Bettie Graham of NHGRI concluded the morning with a short description of several NHGRI training programs that could help with the dearth of bioinformaticists in the public sector genome field.
The afternoon of the first day was devoted to 4 breakout groups; the results of those groups were presented the next morning. I visited each of the breakout groups to get a sense of how the discussions were going and took some notes while in each one, but the summaries below are based on the final products of each group.
Sequencing, mapping for sequencing, gene maps: Raju Kucherlapati, LaDeana Hillier, Eric Green, David Lipman, Takashi Gojobori, Peter Schad, Elbert Branscomb, Ray Gesteland, David Smith, Peter Cartwright, Rainer Fuchs, Peter Weinberger.
PHYSICAL MAPS, GENE MAPS: develop integrated databases where identical sequence markers in different maps are in synonyms database; all markers should be located in a central database (e.g. NCBI); queries to maps: what are the markers, clones, and genes in a spatial interval; what are the genes/ESTs location and clones?
SEQUENCE READY MAPS: all data (full contig depth) should be accessible; assembly criteria (e.g. STS, fingerprints) should be included; data must contain: interval anchored to best maps, all clone addresses for members of the contig, members of tiling path clones that are (or will be ) sequenced, clone id coupled to library information, links to additional information; it would be desirable to have STS content and fingerprint of each clone. All the data must be prepared and presented in a standard fashion
SEQUENCE: the sequence data must contain the following: source of the sequence (the clone id), the sequence anchored to clones, the STS location and confirmation by electronic PCR, quality scores for each base (probability of error) for large genomic sequence, biological attribution as annotation.
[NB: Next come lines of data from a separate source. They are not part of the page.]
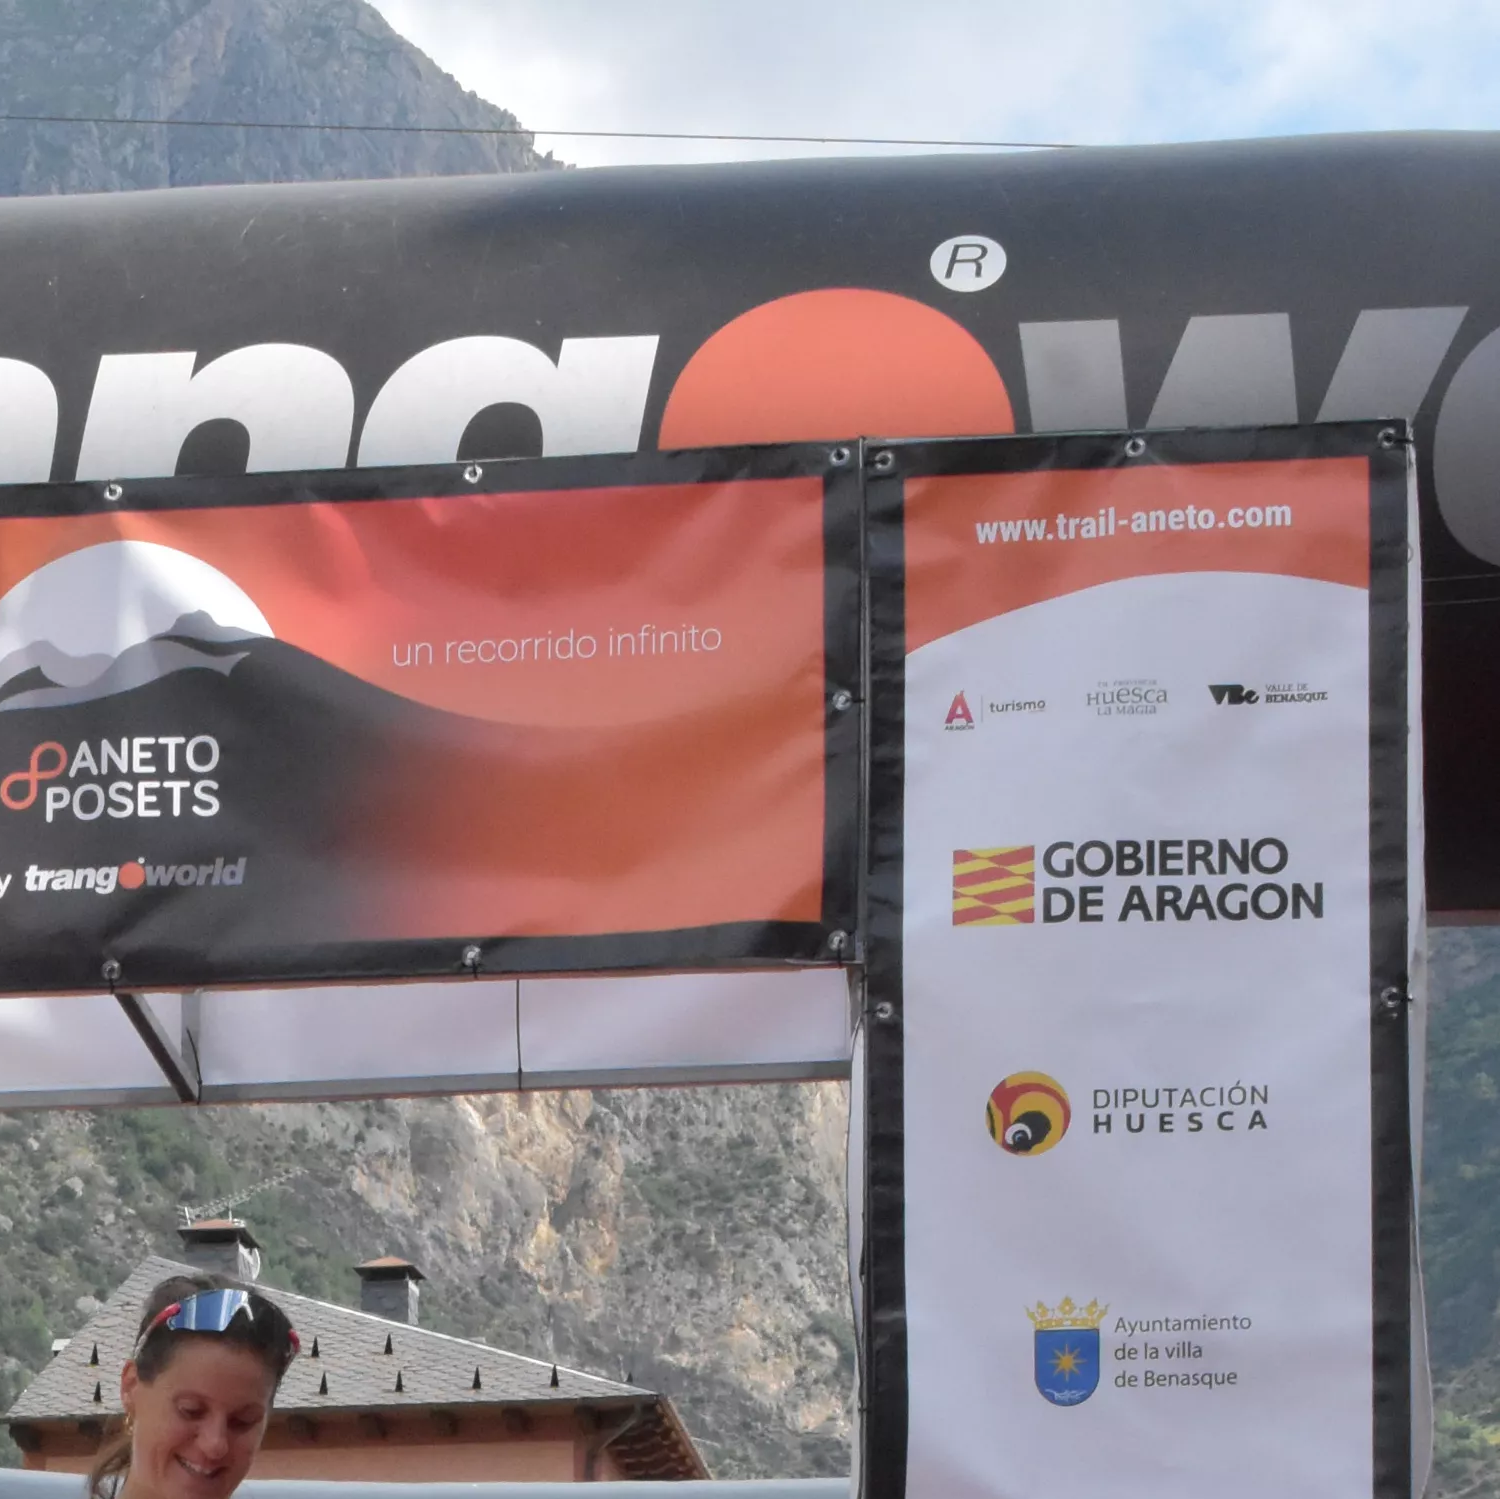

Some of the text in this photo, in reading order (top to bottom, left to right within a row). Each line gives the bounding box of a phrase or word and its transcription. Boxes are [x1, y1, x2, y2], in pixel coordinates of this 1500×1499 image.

[976, 503, 1293, 544] www.trail-aneto.com
[392, 624, 722, 667] un recorrido infinito
[1265, 683, 1308, 692] VALLE DE
[1265, 691, 1328, 704] BENASQUE
[989, 698, 1046, 714] turismo
[68, 735, 219, 777] ANETO
[45, 779, 220, 822] POSETS
[1042, 837, 1288, 879] GOBIERNO
[1042, 882, 1324, 923] DE ARAGON
[1093, 1081, 1269, 1110] DIPUTACIÓN
[1093, 1110, 1268, 1134] HUESCA
[1114, 1313, 1252, 1336] Ayuntamiento
[1114, 1341, 1203, 1362] de la villa
[1114, 1369, 1238, 1391] de Benasque
Contiguous genomic sequences should be assembled.
TOOLS: support for distribution and maintenance of tools for general use should be promoted; this includes tools for map and sequence assembly, new tools for interoperable systems, and (especially) robust tools for sequence finishing.
LINKAGES AND STANDARDS: clear definition of objects in databases including their behavior and semantics; standard interfaces for WWW and for systems communications, standards for sequence accuracy and which data needs to be captured, international genomic standards for objects to be represented in databases, establishing (in one year) a working group to develop, periodically review, modify these standards and to so advise the funding agencies who should then enforce the resulting standards.
Gene finding, OMIM, variation: Ken Buetow, David Nelson, Anne Spence, Jim Ostell, Bob Robbins, Aravinda Chakravarti, David Valle, Bob Cottingham, Bruce Weir, Deborah Nickerson, Chuck Langley, Stan Letovsky
QUERIES: what is known about this gene? What is known about this region (marker delimited, cytogenetic location)? Were does this sequence go (what is its genomic context)? Does this gene vary? From where did this information come (cell, tissue, population, species ethnicity, environment)? What are the genetic characteristics of this population (geography, origin, sample clinical diagnosis, phenotype)? What analysis reagents should be used?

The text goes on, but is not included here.